▶ _Saved data entries_:
-*-

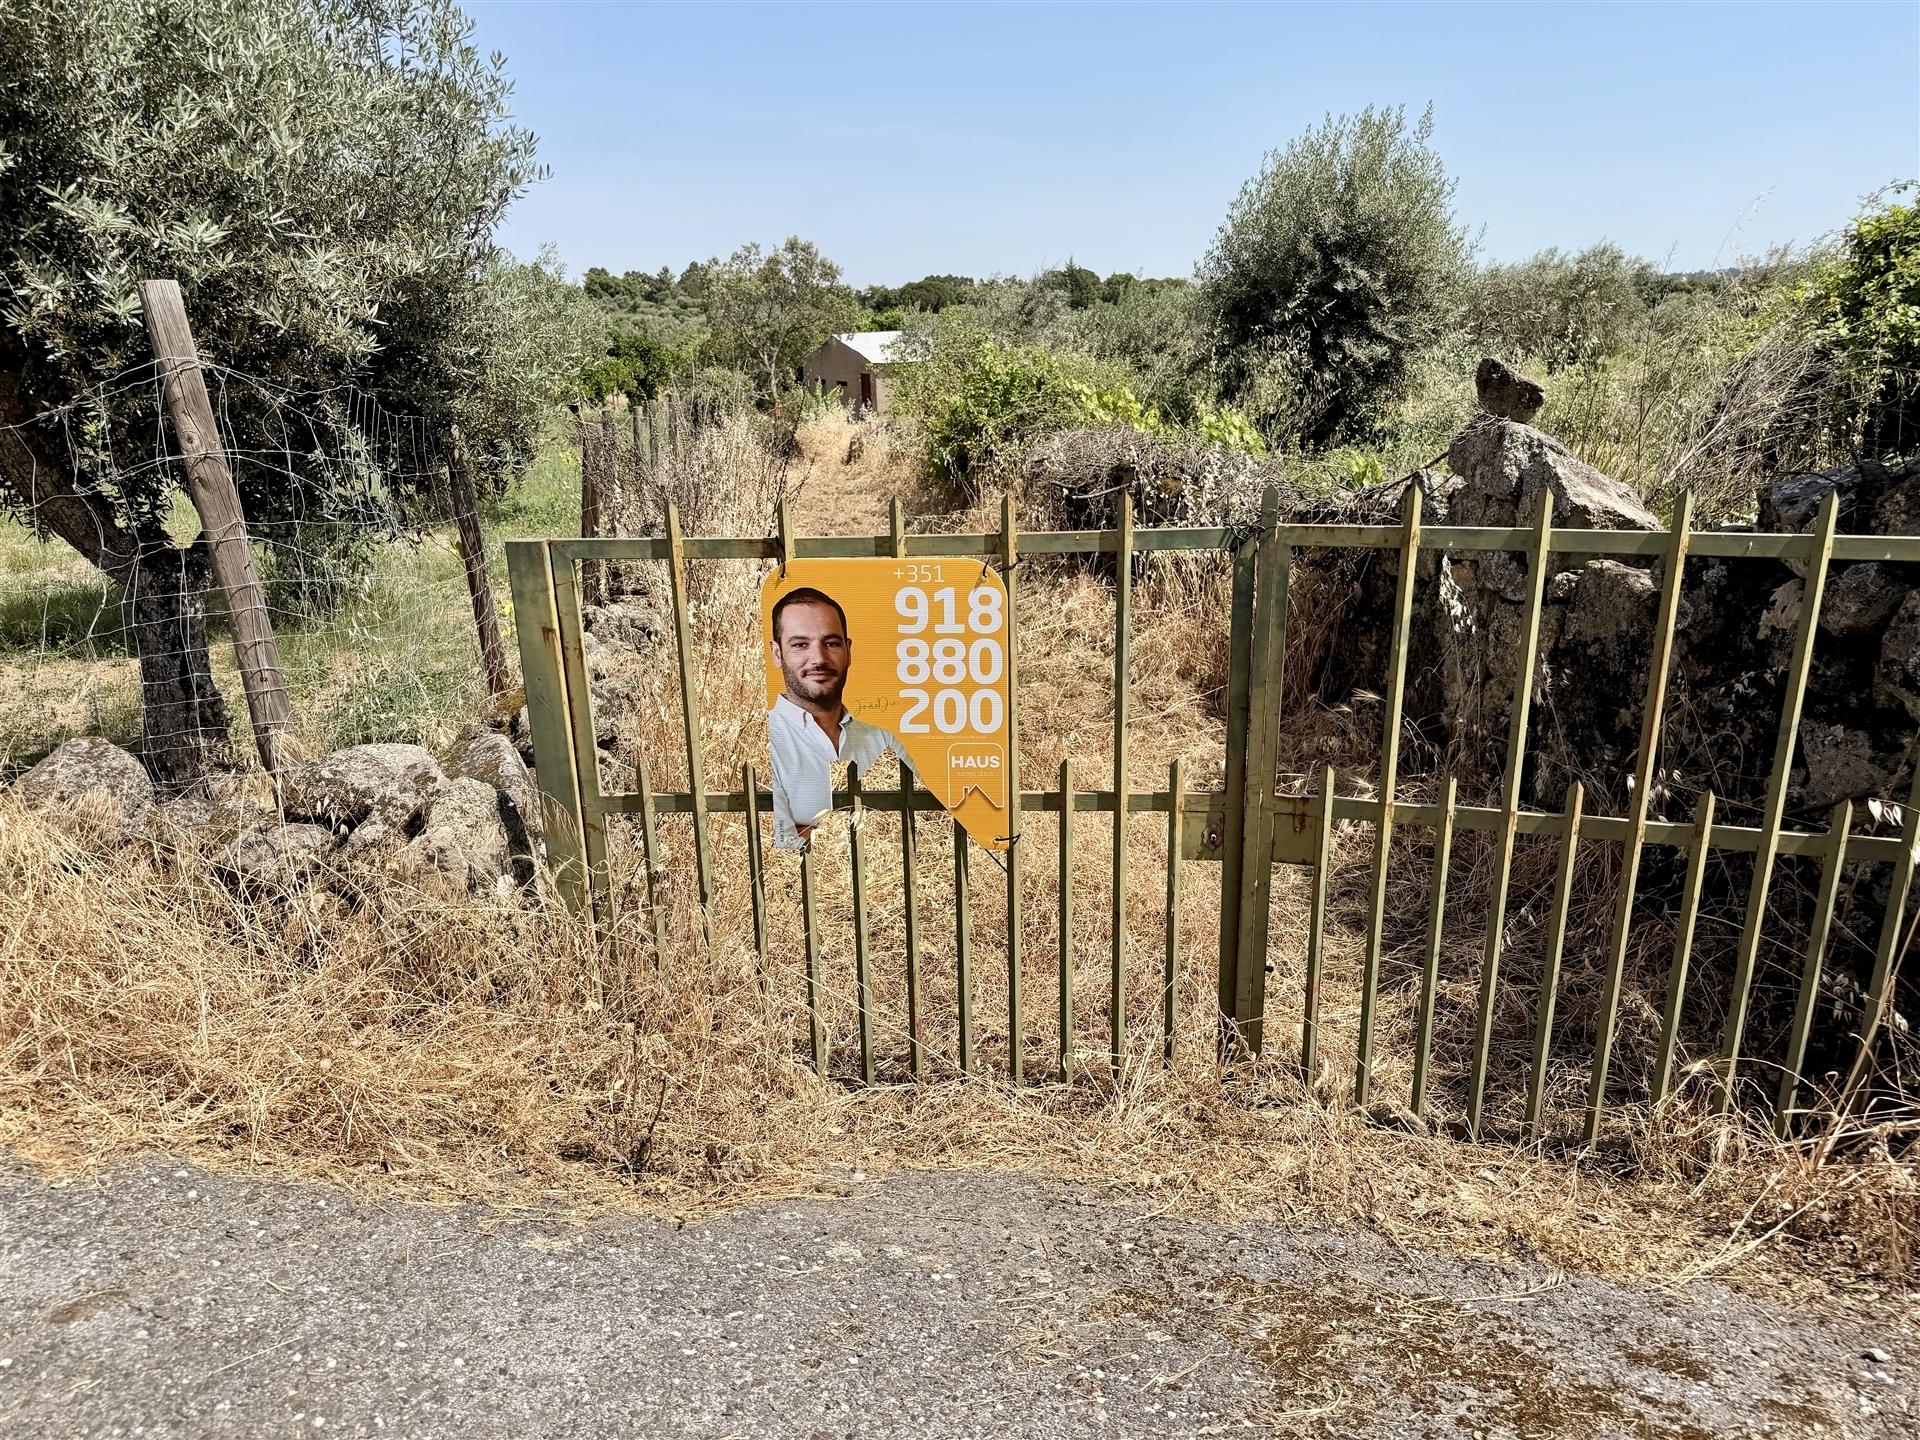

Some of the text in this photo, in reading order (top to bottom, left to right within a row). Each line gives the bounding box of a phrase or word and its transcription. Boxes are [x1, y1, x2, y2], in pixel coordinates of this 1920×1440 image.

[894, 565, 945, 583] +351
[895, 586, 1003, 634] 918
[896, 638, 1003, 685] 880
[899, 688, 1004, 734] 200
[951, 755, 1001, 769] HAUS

-*-

▶ _TASK ITEM_:
Restate the entries above word for word, keeping pictures out of the copy.

▶ _YOUR RESPONSE_:
Some of the text in this photo, in reading order (top to bottom, left to right within a row). Each line gives the bounding box of a phrase or word and its transcription. Boxes are [x1, y1, x2, y2], in pixel coordinates of this 1920×1440 image.

[894, 565, 945, 583] +351
[895, 586, 1003, 634] 918
[896, 638, 1003, 685] 880
[899, 688, 1004, 734] 200
[951, 755, 1001, 769] HAUS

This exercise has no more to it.